Nicolas Baygert

La forme sans le fond

Nicolas Baygert Chargé de cours à l'IHECS et maître de conférences à l'ULB

Le marketing territorial a le vent en poupe. Tant en Wallonie qu’à Bruxelles, rebranding superficiel et festivisme apparaissent aujourd’hui comme les deux mamelles de la communication politique de nos instances fédérées.

A défaut de Plan B tenant la route, la « WalloBruxie » continue sa révolution graphique. Après une Communauté française rebaptisée Fédération Wallonie-Bruxelles et l’Iris bruxellois devenu « be.brussels » – une « marque invitation » selon son concepteur (1) -, la Wallonie a elle aussi entrepris sa mue pixélisée. « Feel inspired » (sentez-vous inspiré), le slogan lié à la nouvelle identité visuelle wallonne sonne tel un voeu pieux au regard des couacs entourant le lancement (le nom de domaine Wallonia.be est la propriété d’un citoyen flamand jusqu’en 2015). Des erreurs de débutant admises par l’Awex (2) : « Nous savions que ce n’était pas fini mais le gouvernement a décidé de communiquer le logo avant la fin du processus. » (3) Un empressement qui prouverait surtout ce désir absolu émanant de la Région wallonne et des équipes gouvernementales de se « démarquer ».

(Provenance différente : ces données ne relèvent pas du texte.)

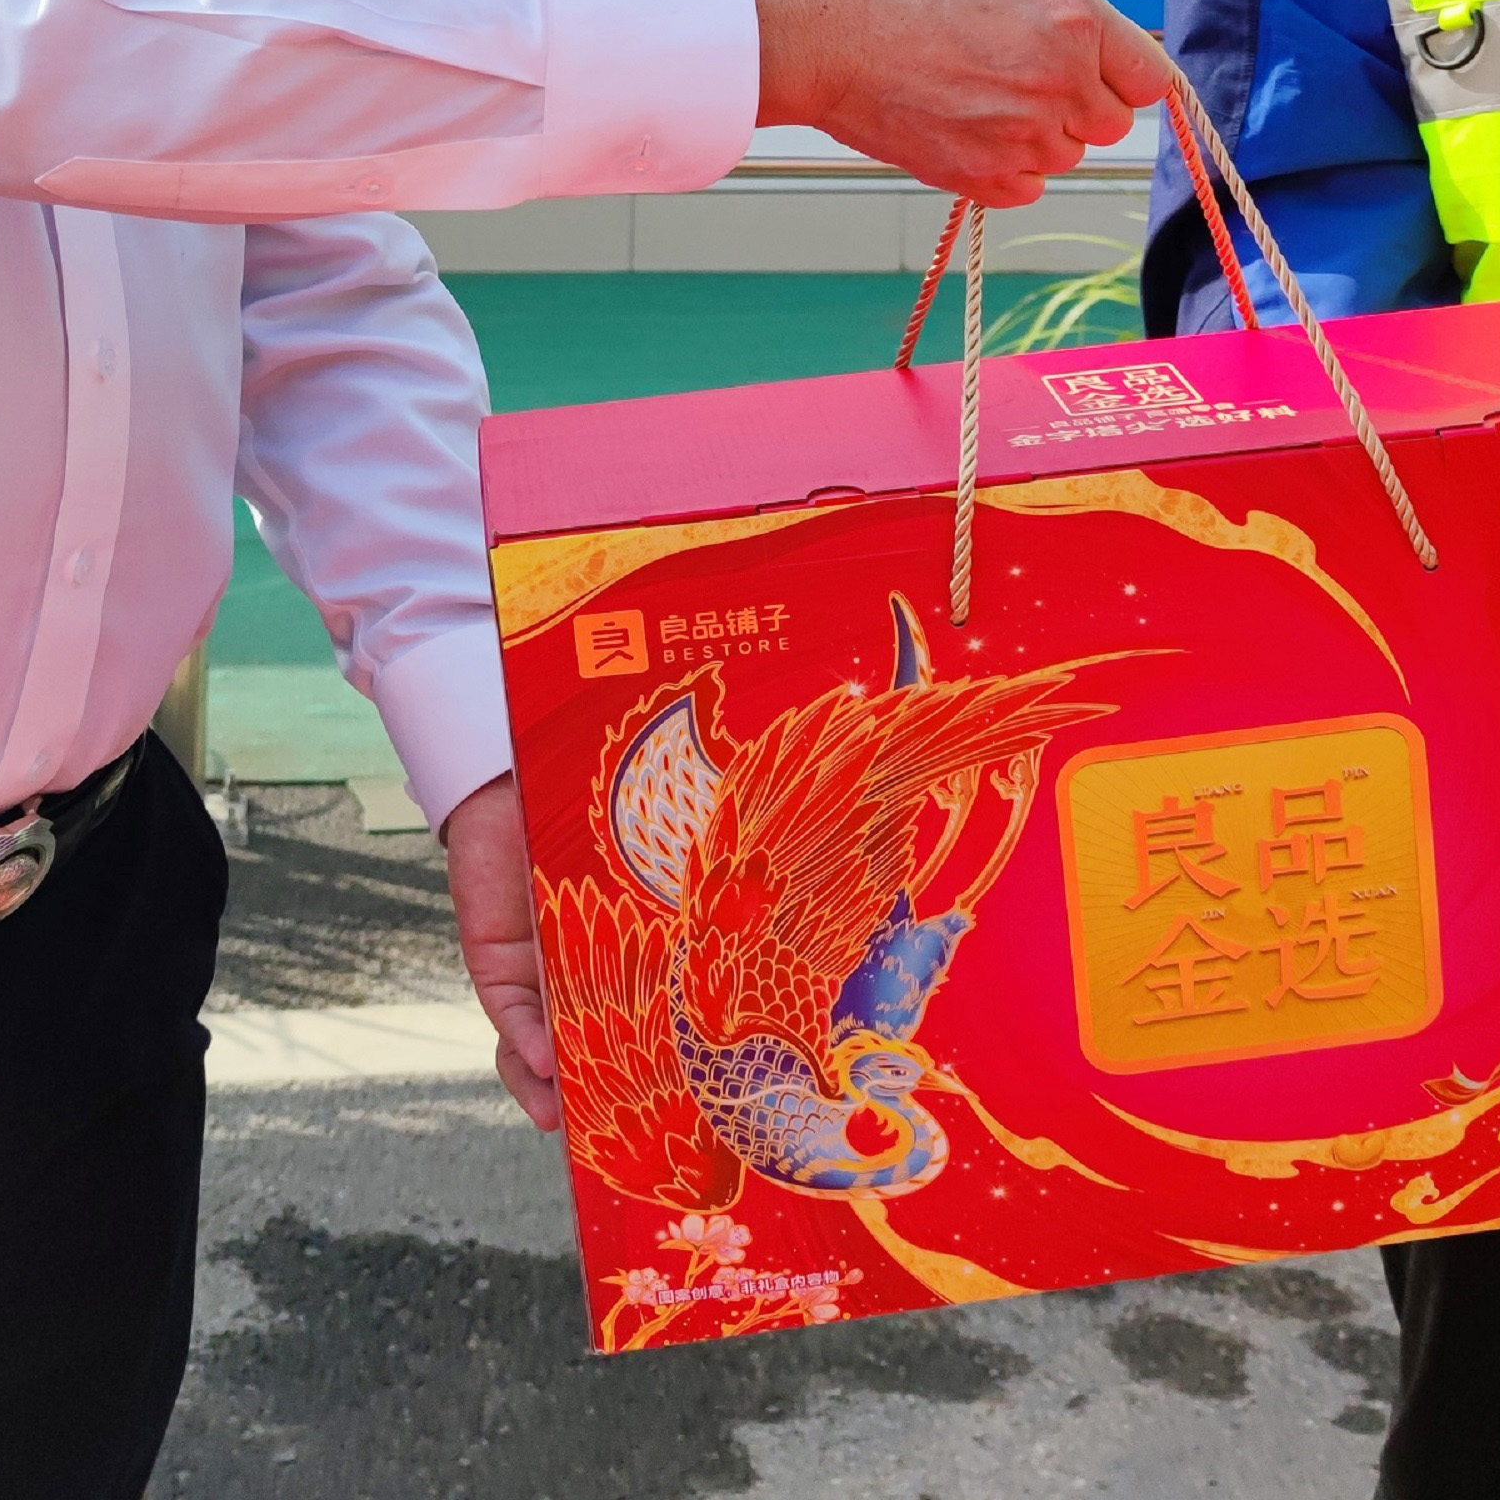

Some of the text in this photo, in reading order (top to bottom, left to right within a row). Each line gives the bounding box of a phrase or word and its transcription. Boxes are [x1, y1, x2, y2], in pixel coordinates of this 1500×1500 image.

[1062, 368, 1182, 396] 良品
[1072, 387, 1190, 412] 金选
[659, 603, 791, 644] 良品铺子
[662, 637, 791, 664] BESTORE
[1122, 778, 1366, 911] 良品
[1120, 894, 1384, 1026] 金选
[657, 1269, 840, 1306] 图案创意，非礼盒内容物
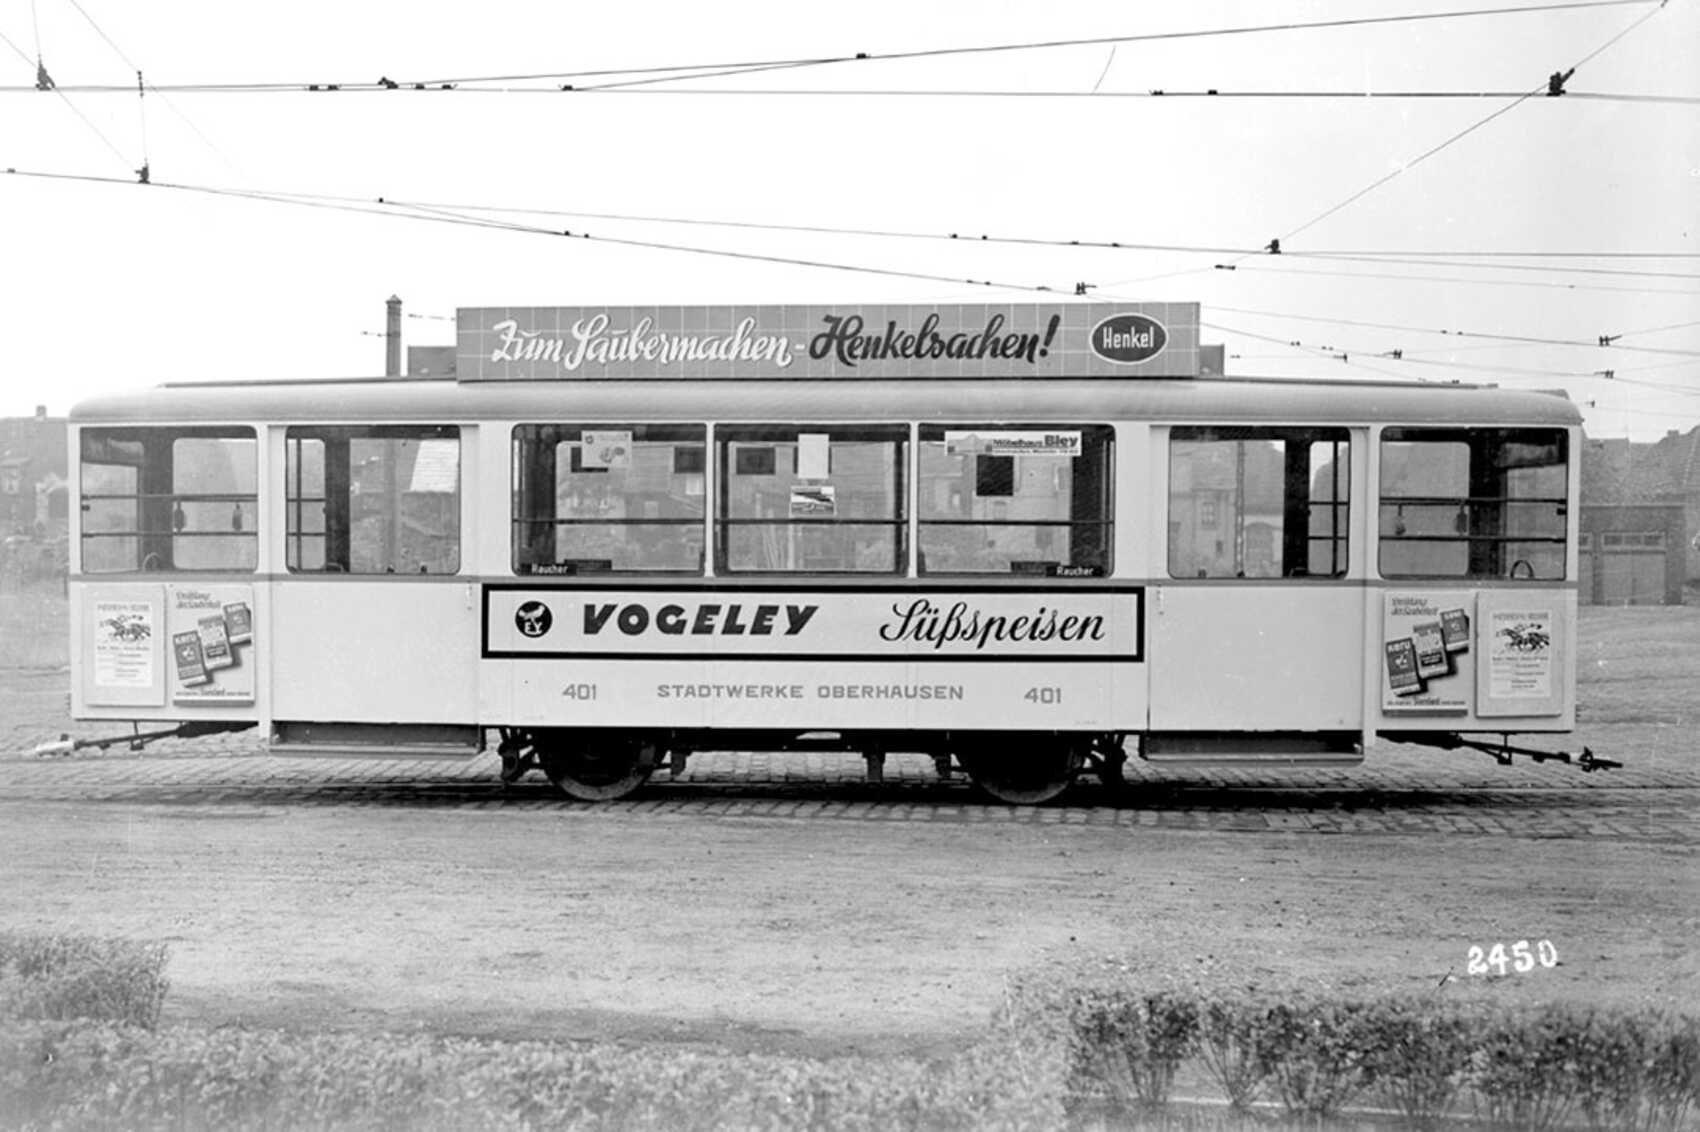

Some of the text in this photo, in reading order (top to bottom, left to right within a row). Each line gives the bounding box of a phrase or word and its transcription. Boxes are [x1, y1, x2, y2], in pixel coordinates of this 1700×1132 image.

Un « j’existe ! », une exhortation à l’auto-affirmation sonnant d’autant plus creux qu’en l’absence de référent territorial clair, les logos abscons se suivent sans susciter l’adhésion. Pis, ils irritent l’opinion, compte tenu des sommes dépensées (près de 500 000 euros pour l’étude McKinsey sur la « marque Wallonie », 60 000 pour ce nouveau logo). Or la valse des sigles et l’incessant ravalement de façade institutionnel témoignent avant tout d’une crise identitaire profonde.

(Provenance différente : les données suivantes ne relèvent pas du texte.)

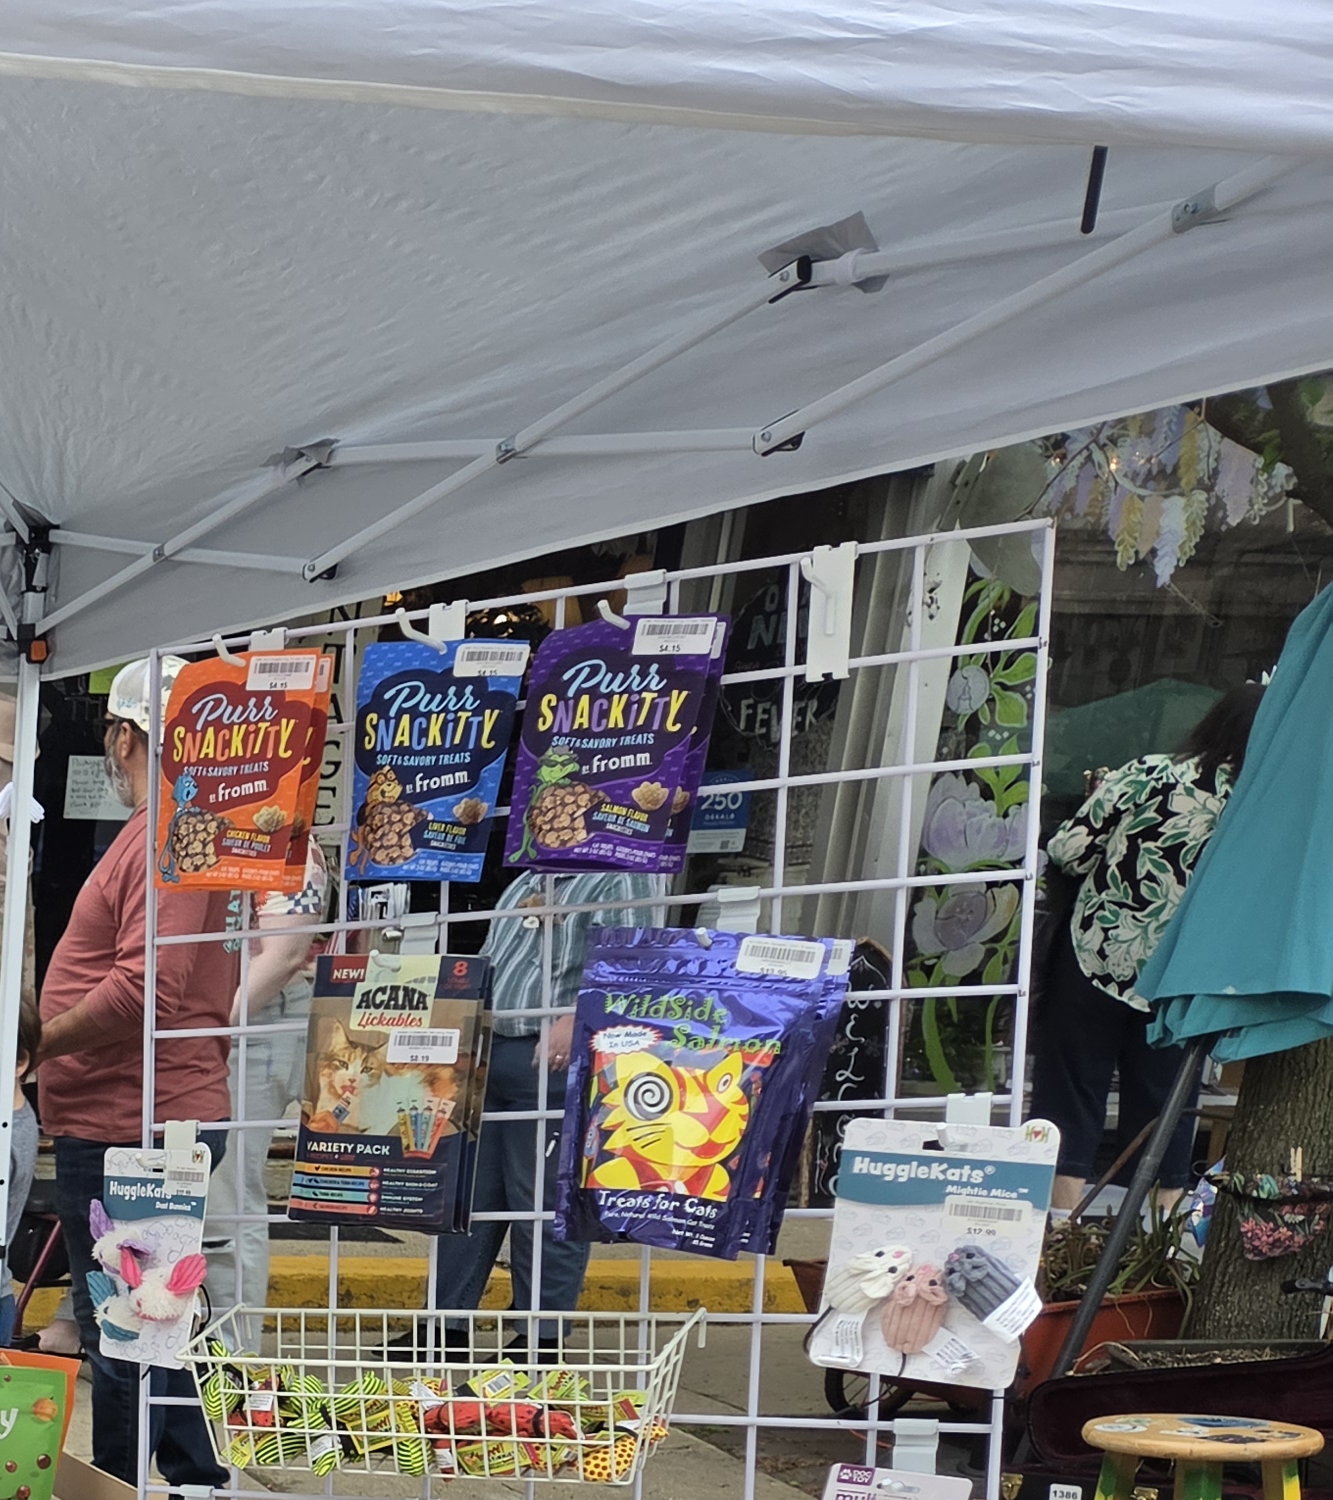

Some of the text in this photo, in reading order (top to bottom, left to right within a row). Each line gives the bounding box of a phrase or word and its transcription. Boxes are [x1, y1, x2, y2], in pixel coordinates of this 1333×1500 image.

Et que dire de « Bruxelles je t’aime », l’initiative de la ministre de la Culture, Fadila Laanan (PS), lancée à grand renfort de soutiens (la Stib, la DH, Télé Bruxelles, la RTBF via ses chaînes radios), réduisant ainsi considérablement le champ critique ? Le projet se veut un « appel aux citoyens actuels, culturels ou amateurs, à déclarer leur flamme pour Bruxelles ! » La capitale, perçue comme « chaos formidable, un joyeux bordel ». Le tout accompagné de son chapelet de poncifs en mode Couleur Café. Bruxelles « est chaleureuse, formidable. Et belle aussi : ceux qui la font vivre, la font rayonner. Dans sa multiculturalité. » « Bruxelles je t’aime » ou le recours aux crayons de couleur pour farder l’apathie gestionnaire. La charte graphique elle-même interpelle par son infantilisme assumé.

Tel un bambin rechignant à ranger sa chambre et prenant plaisir au tohu-bohu ambiant, la ministre de la (puéri)culture offre ici une réponse festiviste à l’interpellation – certes hargneuse, mais fondée – du correspondant de Libération, Jean Quatremer, témoignant de l’incapacité d’une certaine classe politique à (se) prendre au sérieux. Reste le pied-de-nez au journaliste français, perçu comme trouble-fête pisse-froid par la ministre du culte festif.

Le festivisme est un concept du regretté Philippe Muray (1945-2006) qui décrivait notre époque comme celle de la « festivisation généralisée » (4). « Le festif comme dernière manière de faire tout court. » Aussi, le réflexe au festivisme subventionné de Fadila Laanan est symptomatique de ce type de « névrose collective qui dispense chacun (ainsi que, jadis, Freud le reprochait à la religion) de se faire une névrose personnelle » évoqué par Muray.

Ces Laananneries seraient distrayantes si elles ne creusaient pas davantage encore le fossé entre Bisounoursisme politique et priorités citoyennes. Car par-delà les questions de propreté, ce qui plombe aussi l’image de Bruxelles n’est autre qu’une certaine insalubrité communicationnelle.

Réactions passionnelles et stériles, le réflexe au branding et autres ersatz festifs sont autant de parades défensives, de remèdes palliatifs à l’encontre des constats posés. Des répliques à mille lieues des réponses politiques attendues.

(1) Thierry Brunfaut de l’agence Base Design spécialisée dans le rebranding. (2) L’Agence wallone à l’Exportation et aux Investissements étrangers. (3) Lire aussi Le Vif/L’Express du 5 juillet, p. 14. (4) Philippe Muray, Après l’Histoire, Paris : Gallimard (Collection Tel, n° 348), 2007.